The probability density estimation unit for each type of tone models, in accordance with the fundamental frequency of the tone models, set the range of the fundamental frequency, weight values for the sound model in the range of frequencies of the fundamental frequency to the set The sound analysis apparatus according to claim 1, wherein the weight value for each of the sound models is optimized by limiting the sound value.

2. The sound according to claim 1, wherein the fundamental frequency estimation means detects a plurality of peaks in the probability density function, and outputs a fundamental frequency having high reliability and high power based on reliability of each peak. Analysis equipment.
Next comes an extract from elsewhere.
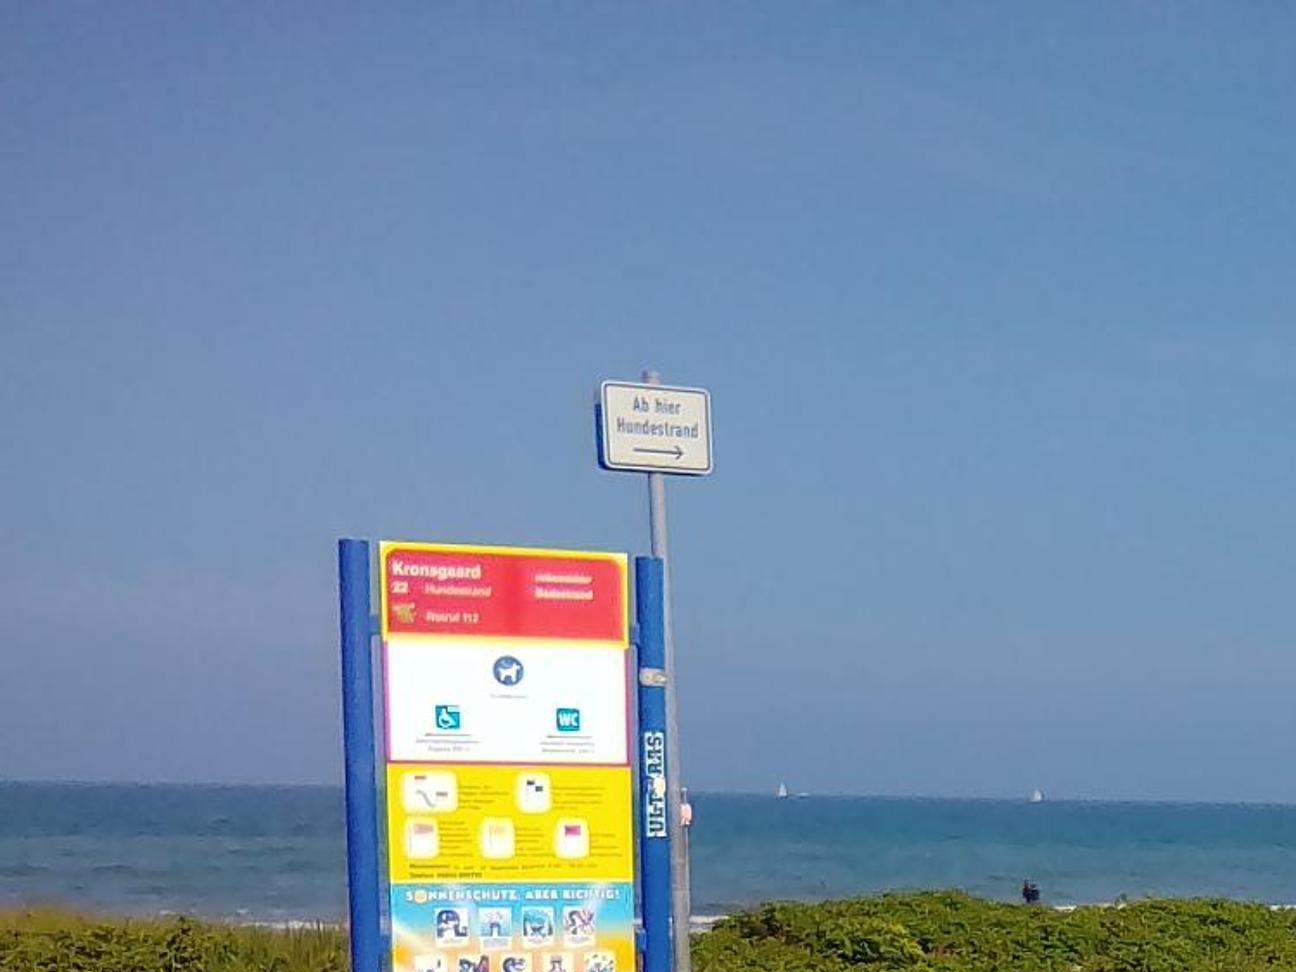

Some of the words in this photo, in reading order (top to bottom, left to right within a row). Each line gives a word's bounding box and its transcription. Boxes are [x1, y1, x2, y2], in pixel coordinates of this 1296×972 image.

The sound analysis apparatus according to any one of claims 1 to 3, wherein the interpolation means executes the interpolation processing by an interpolation calculation method that differs depending on a frequency domain.

Computer
A storage means for storing a plurality of types of sound models each defining a harmonic structure of a plurality of types of sounds generated from a musical instrument, each storing a plurality of types of sound models corresponding to a fundamental frequency unique to each sound;
A plurality of types of sound models stored in the storage means are ordered according to each fundamental frequency, and the plurality of types of ordered sound models are subjected to interpolation processing based on the fundamental frequency, and each of the ordered sound models Interpolation means for generating a plurality of types of sound models corresponding to intermediate frequencies of
Using a plurality of types of sound models stored in the storage unit and a plurality of types of sound models generated by the interpolation unit, a mixed distribution obtained by weight-adding a plurality of sound models having various harmonic structures and fundamental frequencies is obtained. And a weight value for each sound model is optimized so that the mixed distribution is a distribution of frequency components of the input acoustic signal, and the optimized weight value of each sound model is a sound source that is the source of the input acoustic signal. A probability density function estimating means for estimating the fundamental frequency of the sound as a probability density function;
Fundamental frequency estimation means for estimating and outputting a fundamental frequency of sound of one or more sound sources in the input acoustic signal based on a probability density function of the fundamental frequency;
A computer program characterized by functioning as a computer program.